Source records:
──────────
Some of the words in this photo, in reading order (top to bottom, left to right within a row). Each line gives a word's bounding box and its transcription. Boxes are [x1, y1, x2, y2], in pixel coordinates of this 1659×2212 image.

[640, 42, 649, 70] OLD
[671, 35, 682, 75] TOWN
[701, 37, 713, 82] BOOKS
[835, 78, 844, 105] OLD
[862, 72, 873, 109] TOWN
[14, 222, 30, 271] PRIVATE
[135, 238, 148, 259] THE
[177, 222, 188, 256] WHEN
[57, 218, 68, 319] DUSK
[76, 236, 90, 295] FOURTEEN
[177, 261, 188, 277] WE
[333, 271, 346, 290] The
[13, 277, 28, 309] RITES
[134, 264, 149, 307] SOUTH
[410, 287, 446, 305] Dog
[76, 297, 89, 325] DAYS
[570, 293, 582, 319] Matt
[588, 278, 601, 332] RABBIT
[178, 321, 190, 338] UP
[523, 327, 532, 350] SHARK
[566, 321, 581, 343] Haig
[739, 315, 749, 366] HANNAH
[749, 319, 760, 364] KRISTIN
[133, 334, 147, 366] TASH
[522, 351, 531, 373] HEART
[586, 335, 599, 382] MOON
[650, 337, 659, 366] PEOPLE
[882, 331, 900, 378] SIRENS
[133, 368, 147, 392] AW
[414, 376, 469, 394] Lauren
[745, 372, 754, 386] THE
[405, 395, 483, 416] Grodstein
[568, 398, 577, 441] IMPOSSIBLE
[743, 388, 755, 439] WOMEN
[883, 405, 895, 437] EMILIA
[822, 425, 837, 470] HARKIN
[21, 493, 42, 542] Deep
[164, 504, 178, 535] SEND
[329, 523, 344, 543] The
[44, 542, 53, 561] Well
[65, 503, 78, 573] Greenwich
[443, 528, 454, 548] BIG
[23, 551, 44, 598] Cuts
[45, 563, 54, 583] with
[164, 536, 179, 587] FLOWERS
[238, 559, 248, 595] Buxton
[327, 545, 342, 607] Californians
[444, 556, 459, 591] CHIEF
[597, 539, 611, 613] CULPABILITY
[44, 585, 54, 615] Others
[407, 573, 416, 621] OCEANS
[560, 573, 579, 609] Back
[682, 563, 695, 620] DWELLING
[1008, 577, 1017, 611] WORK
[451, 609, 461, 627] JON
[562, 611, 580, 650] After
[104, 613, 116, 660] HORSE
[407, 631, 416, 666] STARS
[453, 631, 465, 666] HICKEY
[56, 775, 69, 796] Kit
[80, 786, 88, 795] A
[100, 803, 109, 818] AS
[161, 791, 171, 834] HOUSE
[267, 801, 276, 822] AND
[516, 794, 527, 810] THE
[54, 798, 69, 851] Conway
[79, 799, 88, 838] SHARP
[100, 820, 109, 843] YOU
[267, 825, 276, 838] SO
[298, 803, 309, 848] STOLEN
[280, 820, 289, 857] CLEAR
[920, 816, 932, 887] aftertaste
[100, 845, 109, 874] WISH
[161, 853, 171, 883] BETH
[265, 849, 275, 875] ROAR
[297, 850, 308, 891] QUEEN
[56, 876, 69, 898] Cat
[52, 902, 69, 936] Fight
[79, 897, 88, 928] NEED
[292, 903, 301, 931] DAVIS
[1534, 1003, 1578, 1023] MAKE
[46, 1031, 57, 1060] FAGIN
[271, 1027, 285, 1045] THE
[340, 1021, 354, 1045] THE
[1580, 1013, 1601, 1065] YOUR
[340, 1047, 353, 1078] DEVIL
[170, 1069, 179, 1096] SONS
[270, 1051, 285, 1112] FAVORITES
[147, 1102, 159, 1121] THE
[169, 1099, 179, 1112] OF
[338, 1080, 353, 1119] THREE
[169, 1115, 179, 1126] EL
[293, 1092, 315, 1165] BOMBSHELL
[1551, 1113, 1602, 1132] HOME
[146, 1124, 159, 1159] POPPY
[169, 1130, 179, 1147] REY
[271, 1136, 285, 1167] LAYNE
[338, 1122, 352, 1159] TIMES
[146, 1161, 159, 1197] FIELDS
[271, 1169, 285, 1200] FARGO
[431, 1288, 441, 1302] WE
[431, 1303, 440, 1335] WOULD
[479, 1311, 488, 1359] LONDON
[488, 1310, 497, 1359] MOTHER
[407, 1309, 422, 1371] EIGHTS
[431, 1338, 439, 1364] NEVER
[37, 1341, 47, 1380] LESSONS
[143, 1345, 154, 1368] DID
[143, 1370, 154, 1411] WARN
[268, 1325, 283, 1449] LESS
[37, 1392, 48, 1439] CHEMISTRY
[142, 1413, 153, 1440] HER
──────────
Exactly as written, output all of the entries.

Some of the words in this photo, in reading order (top to bottom, left to right within a row). Each line gives a word's bounding box and its transcription. Boxes are [x1, y1, x2, y2], in pixel coordinates of this 1659×2212 image.

[640, 42, 649, 70] OLD
[671, 35, 682, 75] TOWN
[701, 37, 713, 82] BOOKS
[835, 78, 844, 105] OLD
[862, 72, 873, 109] TOWN
[14, 222, 30, 271] PRIVATE
[135, 238, 148, 259] THE
[177, 222, 188, 256] WHEN
[57, 218, 68, 319] DUSK
[76, 236, 90, 295] FOURTEEN
[177, 261, 188, 277] WE
[333, 271, 346, 290] The
[13, 277, 28, 309] RITES
[134, 264, 149, 307] SOUTH
[410, 287, 446, 305] Dog
[76, 297, 89, 325] DAYS
[570, 293, 582, 319] Matt
[588, 278, 601, 332] RABBIT
[178, 321, 190, 338] UP
[523, 327, 532, 350] SHARK
[566, 321, 581, 343] Haig
[739, 315, 749, 366] HANNAH
[749, 319, 760, 364] KRISTIN
[133, 334, 147, 366] TASH
[522, 351, 531, 373] HEART
[586, 335, 599, 382] MOON
[650, 337, 659, 366] PEOPLE
[882, 331, 900, 378] SIRENS
[133, 368, 147, 392] AW
[414, 376, 469, 394] Lauren
[745, 372, 754, 386] THE
[405, 395, 483, 416] Grodstein
[568, 398, 577, 441] IMPOSSIBLE
[743, 388, 755, 439] WOMEN
[883, 405, 895, 437] EMILIA
[822, 425, 837, 470] HARKIN
[21, 493, 42, 542] Deep
[164, 504, 178, 535] SEND
[329, 523, 344, 543] The
[44, 542, 53, 561] Well
[65, 503, 78, 573] Greenwich
[443, 528, 454, 548] BIG
[23, 551, 44, 598] Cuts
[45, 563, 54, 583] with
[164, 536, 179, 587] FLOWERS
[238, 559, 248, 595] Buxton
[327, 545, 342, 607] Californians
[444, 556, 459, 591] CHIEF
[597, 539, 611, 613] CULPABILITY
[44, 585, 54, 615] Others
[407, 573, 416, 621] OCEANS
[560, 573, 579, 609] Back
[682, 563, 695, 620] DWELLING
[1008, 577, 1017, 611] WORK
[451, 609, 461, 627] JON
[562, 611, 580, 650] After
[104, 613, 116, 660] HORSE
[407, 631, 416, 666] STARS
[453, 631, 465, 666] HICKEY
[56, 775, 69, 796] Kit
[80, 786, 88, 795] A
[100, 803, 109, 818] AS
[161, 791, 171, 834] HOUSE
[267, 801, 276, 822] AND
[516, 794, 527, 810] THE
[54, 798, 69, 851] Conway
[79, 799, 88, 838] SHARP
[100, 820, 109, 843] YOU
[267, 825, 276, 838] SO
[298, 803, 309, 848] STOLEN
[280, 820, 289, 857] CLEAR
[920, 816, 932, 887] aftertaste
[100, 845, 109, 874] WISH
[161, 853, 171, 883] BETH
[265, 849, 275, 875] ROAR
[297, 850, 308, 891] QUEEN
[56, 876, 69, 898] Cat
[52, 902, 69, 936] Fight
[79, 897, 88, 928] NEED
[292, 903, 301, 931] DAVIS
[1534, 1003, 1578, 1023] MAKE
[46, 1031, 57, 1060] FAGIN
[271, 1027, 285, 1045] THE
[340, 1021, 354, 1045] THE
[1580, 1013, 1601, 1065] YOUR
[340, 1047, 353, 1078] DEVIL
[170, 1069, 179, 1096] SONS
[270, 1051, 285, 1112] FAVORITES
[147, 1102, 159, 1121] THE
[169, 1099, 179, 1112] OF
[338, 1080, 353, 1119] THREE
[169, 1115, 179, 1126] EL
[293, 1092, 315, 1165] BOMBSHELL
[1551, 1113, 1602, 1132] HOME
[146, 1124, 159, 1159] POPPY
[169, 1130, 179, 1147] REY
[271, 1136, 285, 1167] LAYNE
[338, 1122, 352, 1159] TIMES
[146, 1161, 159, 1197] FIELDS
[271, 1169, 285, 1200] FARGO
[431, 1288, 441, 1302] WE
[431, 1303, 440, 1335] WOULD
[479, 1311, 488, 1359] LONDON
[488, 1310, 497, 1359] MOTHER
[407, 1309, 422, 1371] EIGHTS
[431, 1338, 439, 1364] NEVER
[37, 1341, 47, 1380] LESSONS
[143, 1345, 154, 1368] DID
[143, 1370, 154, 1411] WARN
[268, 1325, 283, 1449] LESS
[37, 1392, 48, 1439] CHEMISTRY
[142, 1413, 153, 1440] HER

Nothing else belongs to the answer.